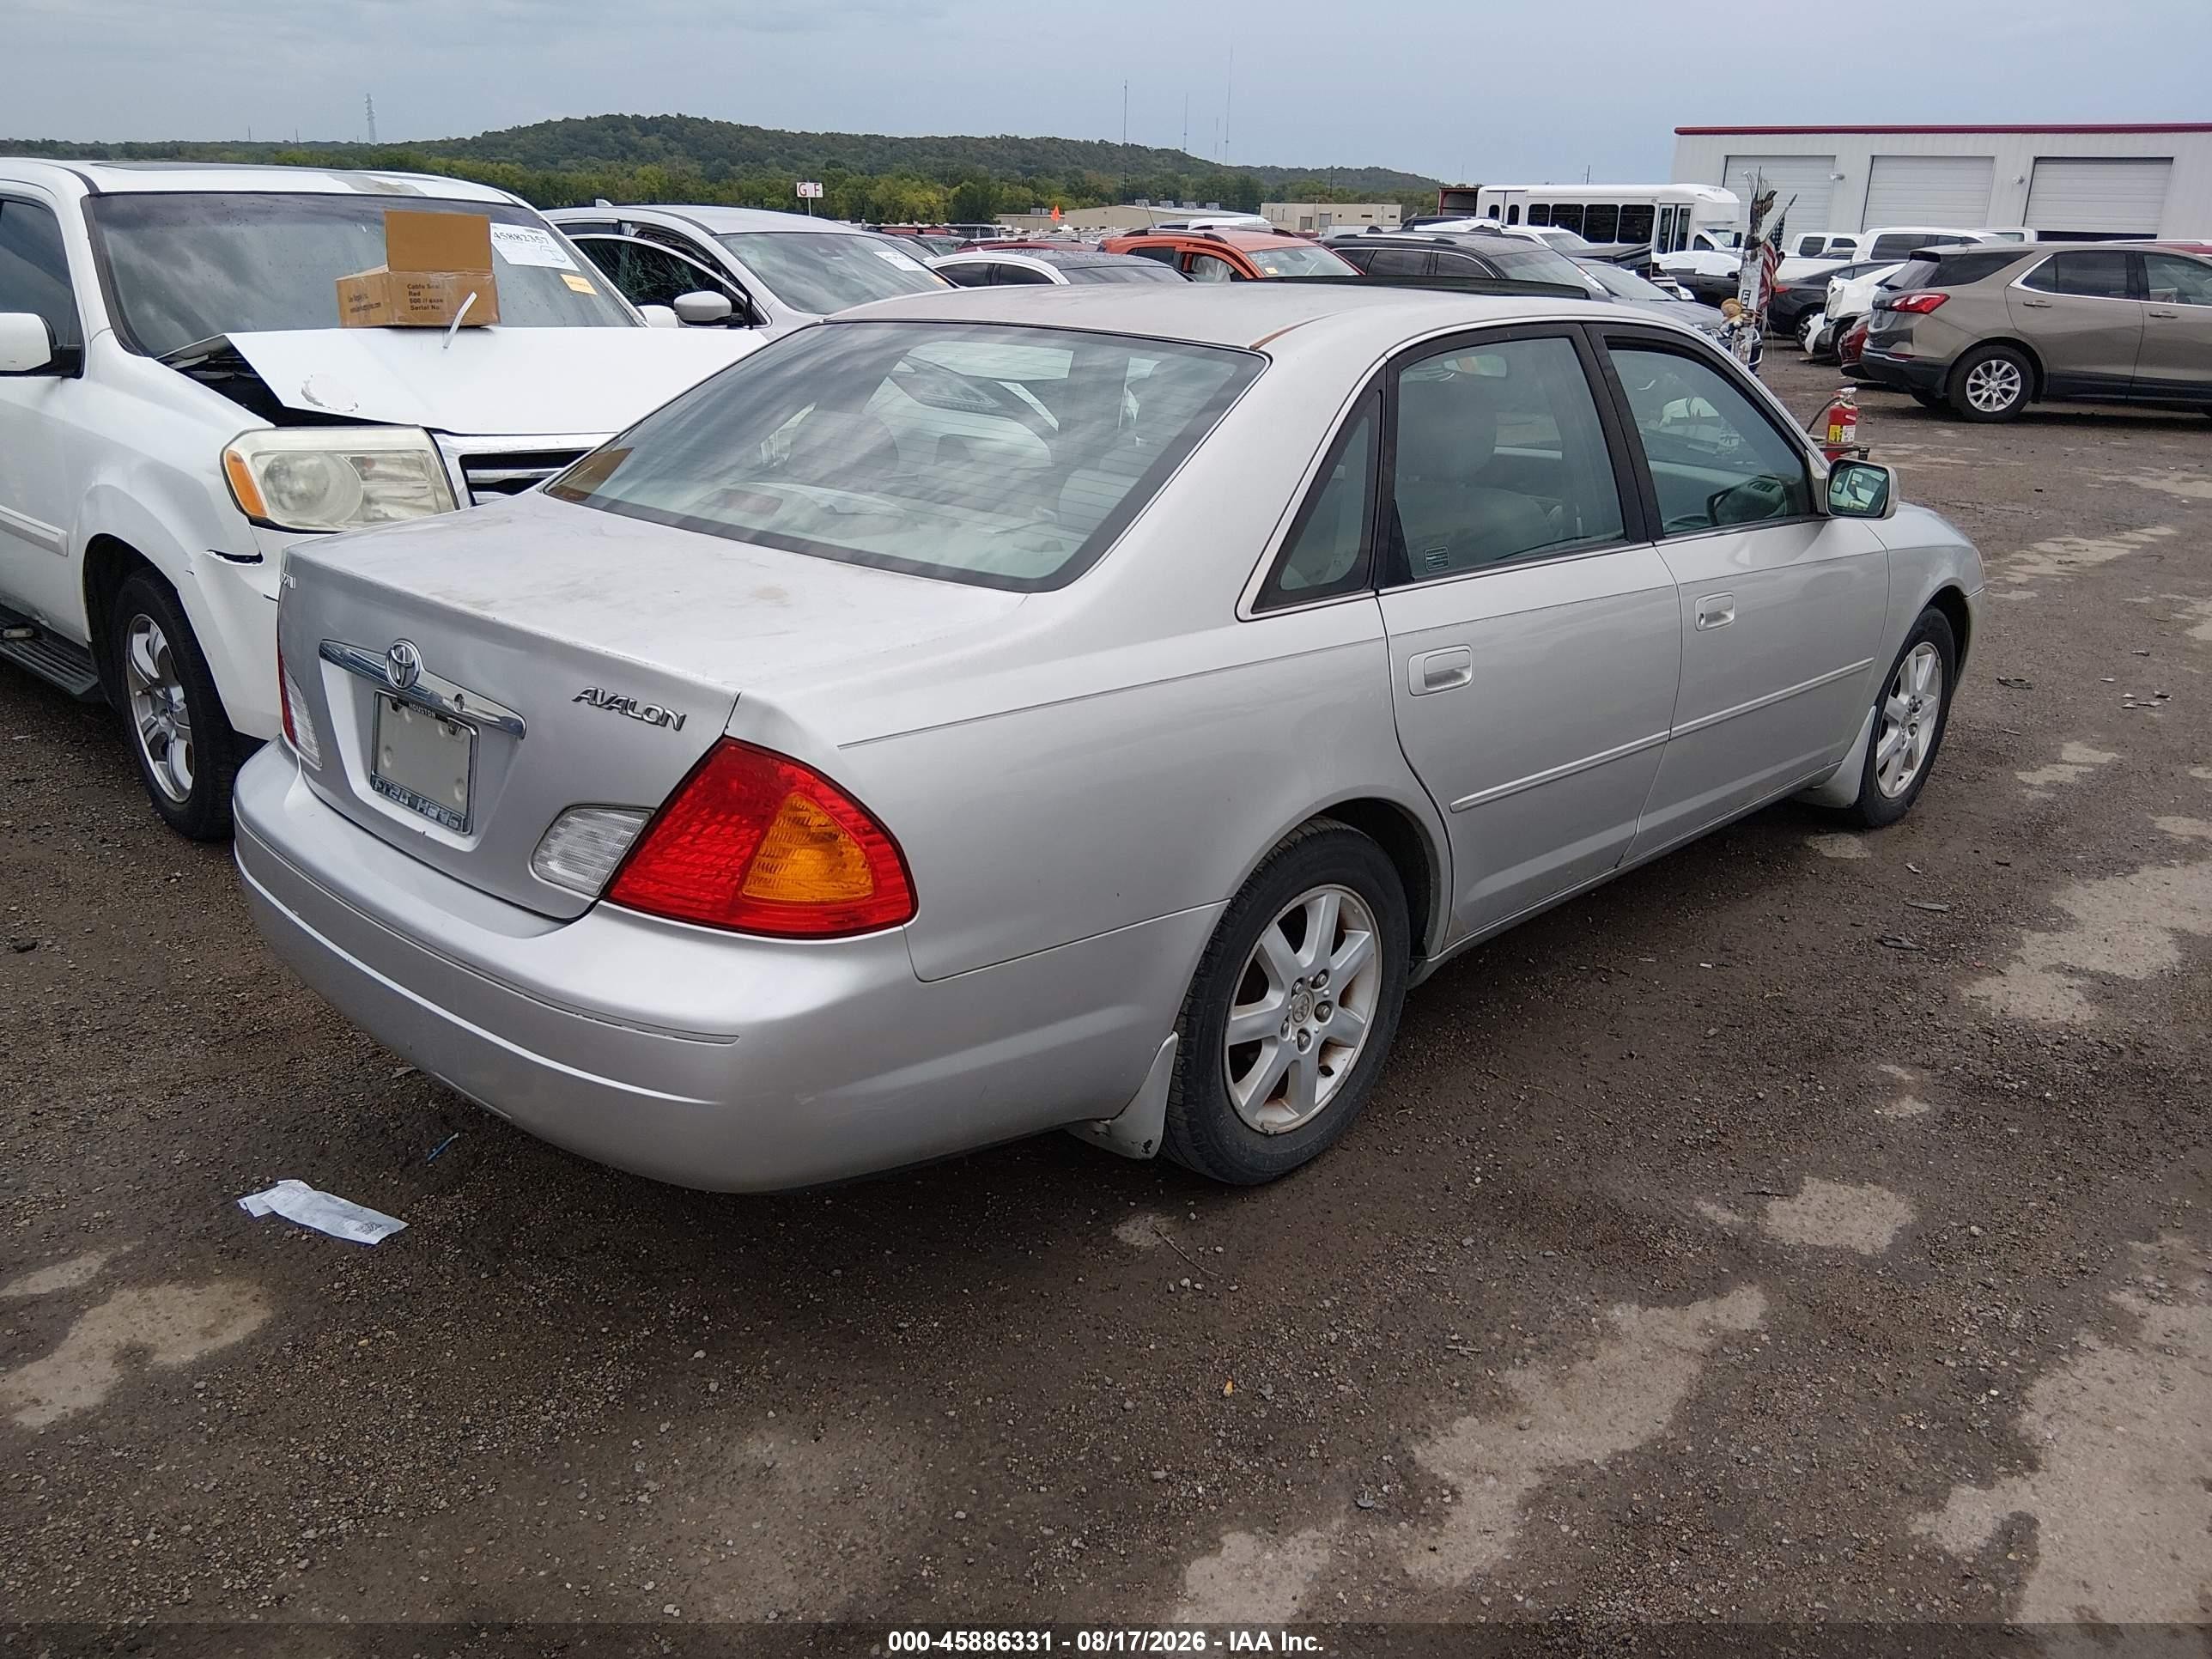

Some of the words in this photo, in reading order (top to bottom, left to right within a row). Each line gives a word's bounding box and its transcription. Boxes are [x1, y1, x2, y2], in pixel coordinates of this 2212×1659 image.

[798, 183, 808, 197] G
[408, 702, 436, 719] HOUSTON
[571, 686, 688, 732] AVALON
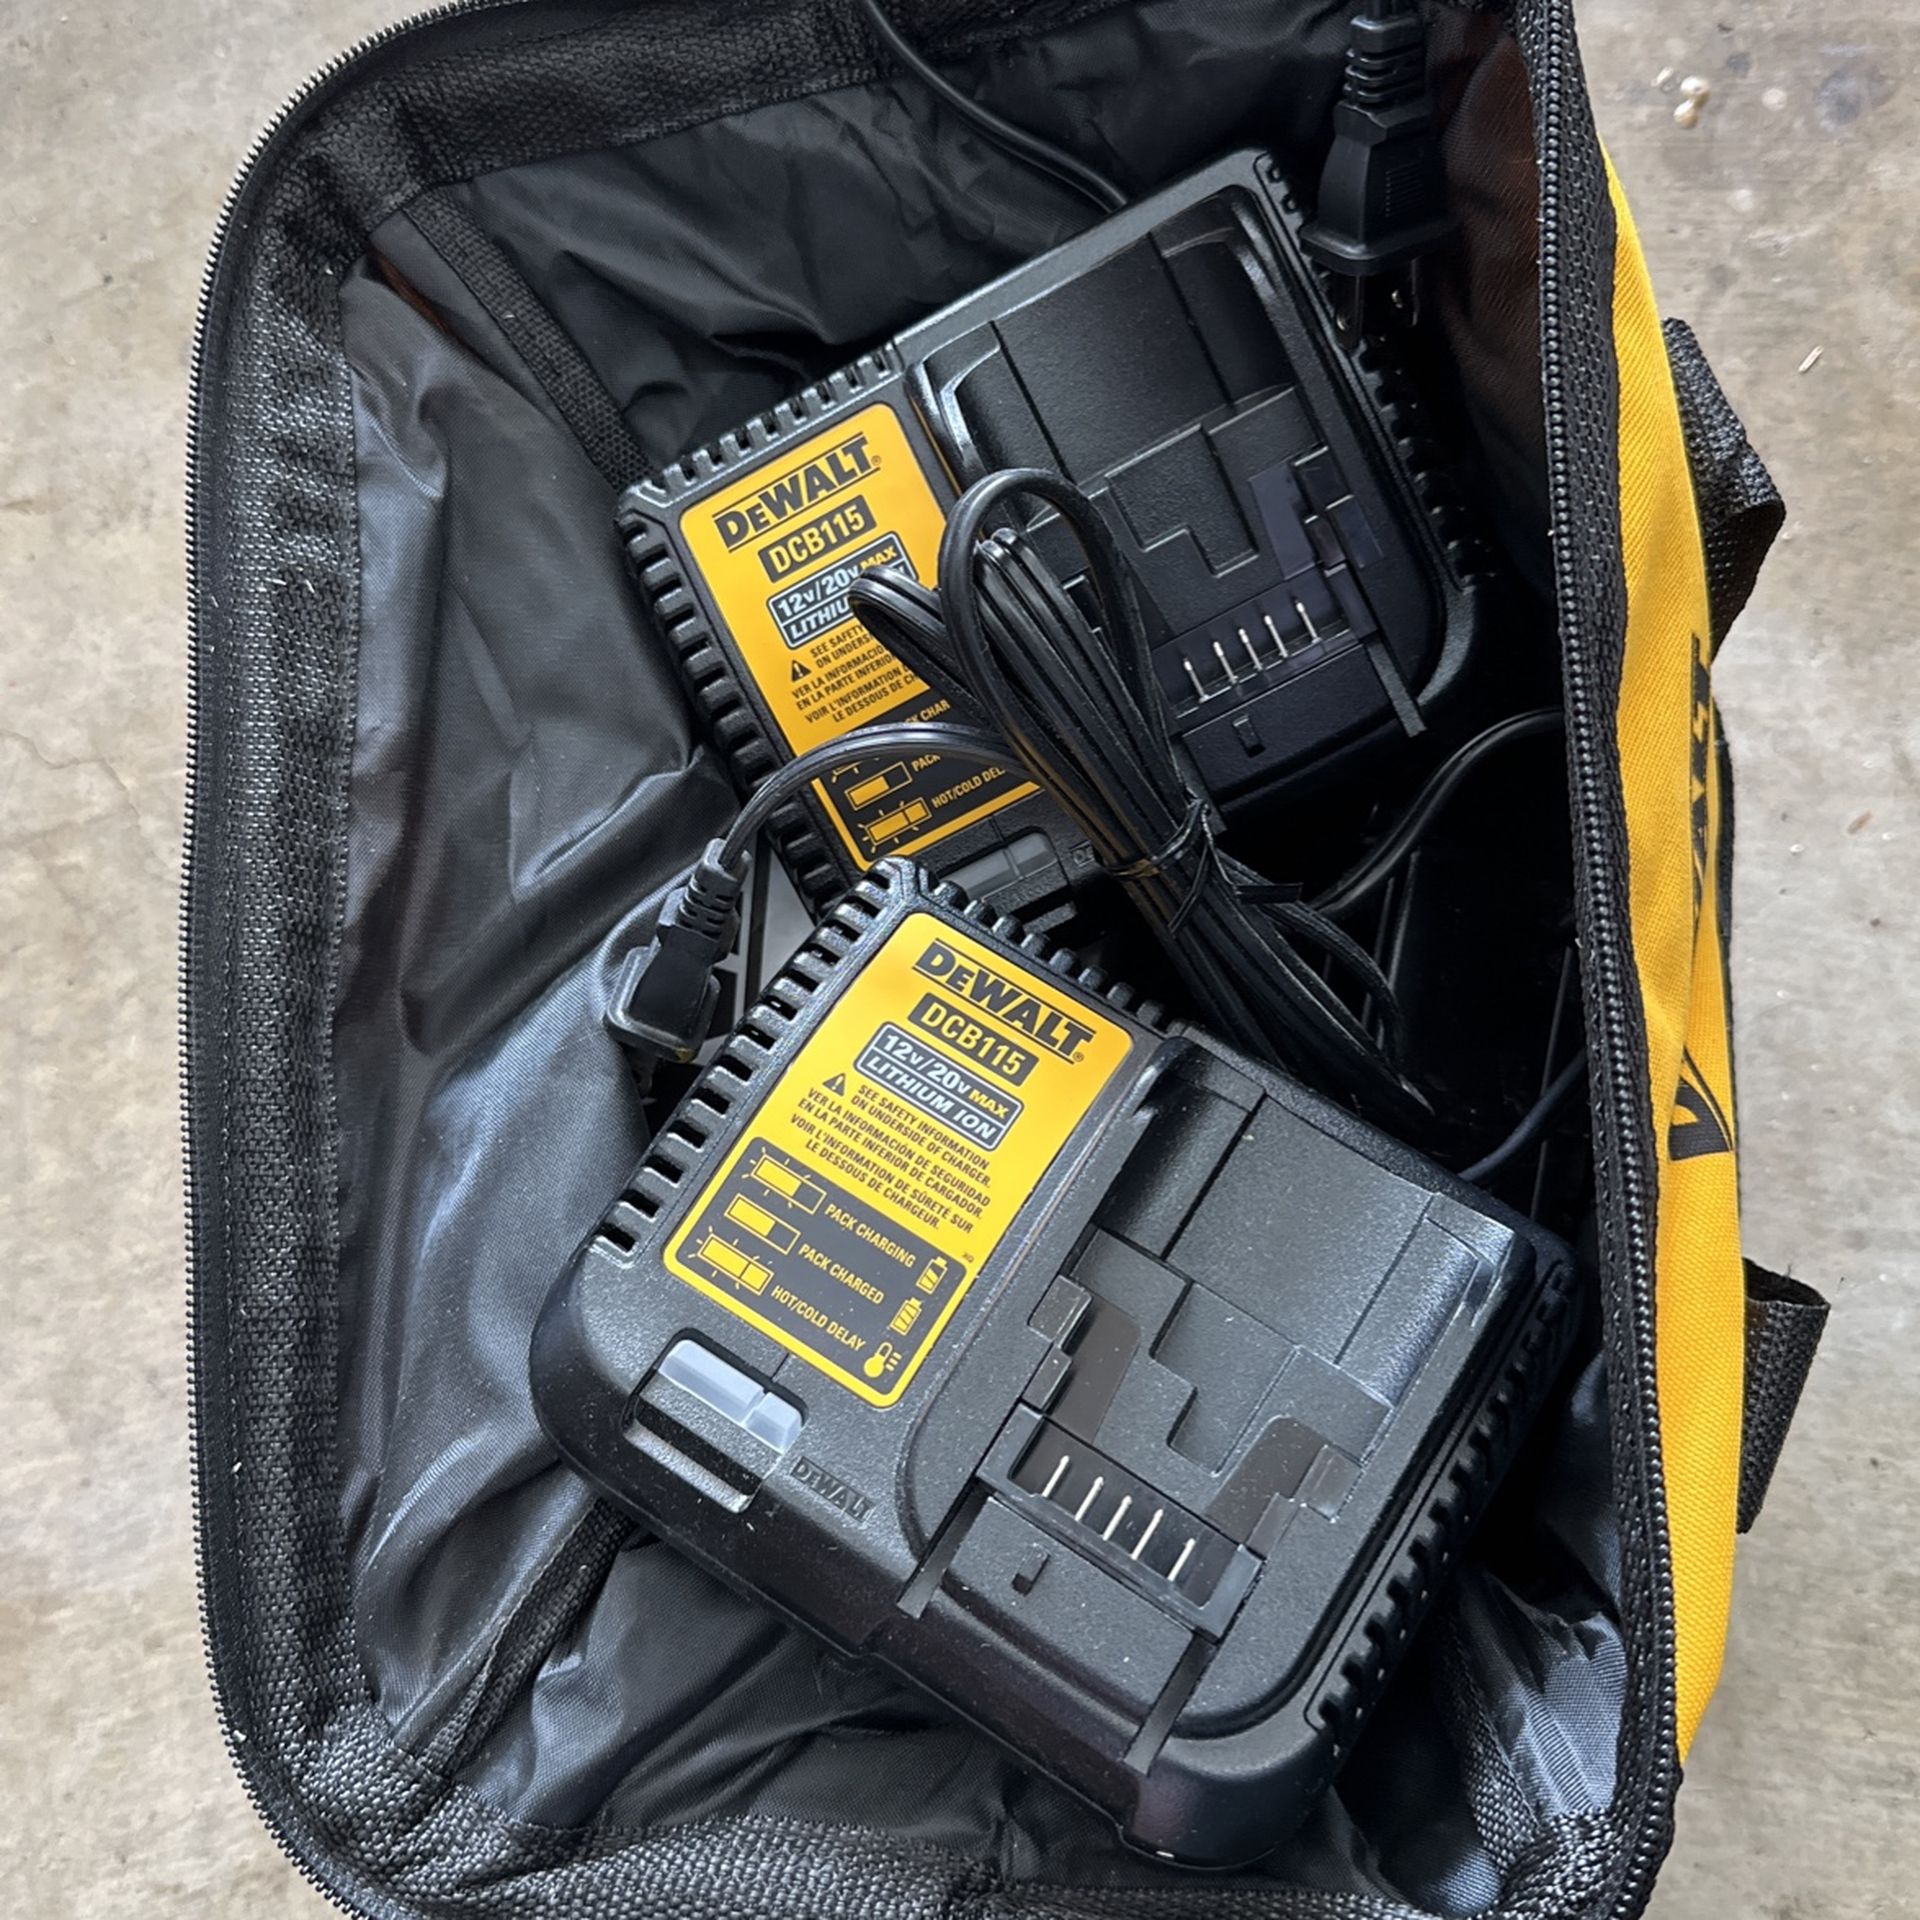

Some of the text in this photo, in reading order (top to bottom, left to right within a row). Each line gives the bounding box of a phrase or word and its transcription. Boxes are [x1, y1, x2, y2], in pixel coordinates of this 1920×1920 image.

Required action:
Copy every record exactly; no pictures.

Output of the exercise:
Some of the words in this photo, in reading order (top to bottom, left to right within a row). Each line gives a word's bounding box and its transcription. Boxes are [x1, y1, x2, y2], in pixel coordinates of this 2212×1659 image.

[798, 183, 808, 197] G
[408, 702, 436, 719] HOUSTON
[571, 686, 688, 732] AVALON

Some of the text in this photo, in reading order (top to bottom, left to right within a row). Each line gives the bounding box of a phrase or word and its transcription. Boxes are [x1, y1, x2, y2], in pixel coordinates of this 1920×1920 image.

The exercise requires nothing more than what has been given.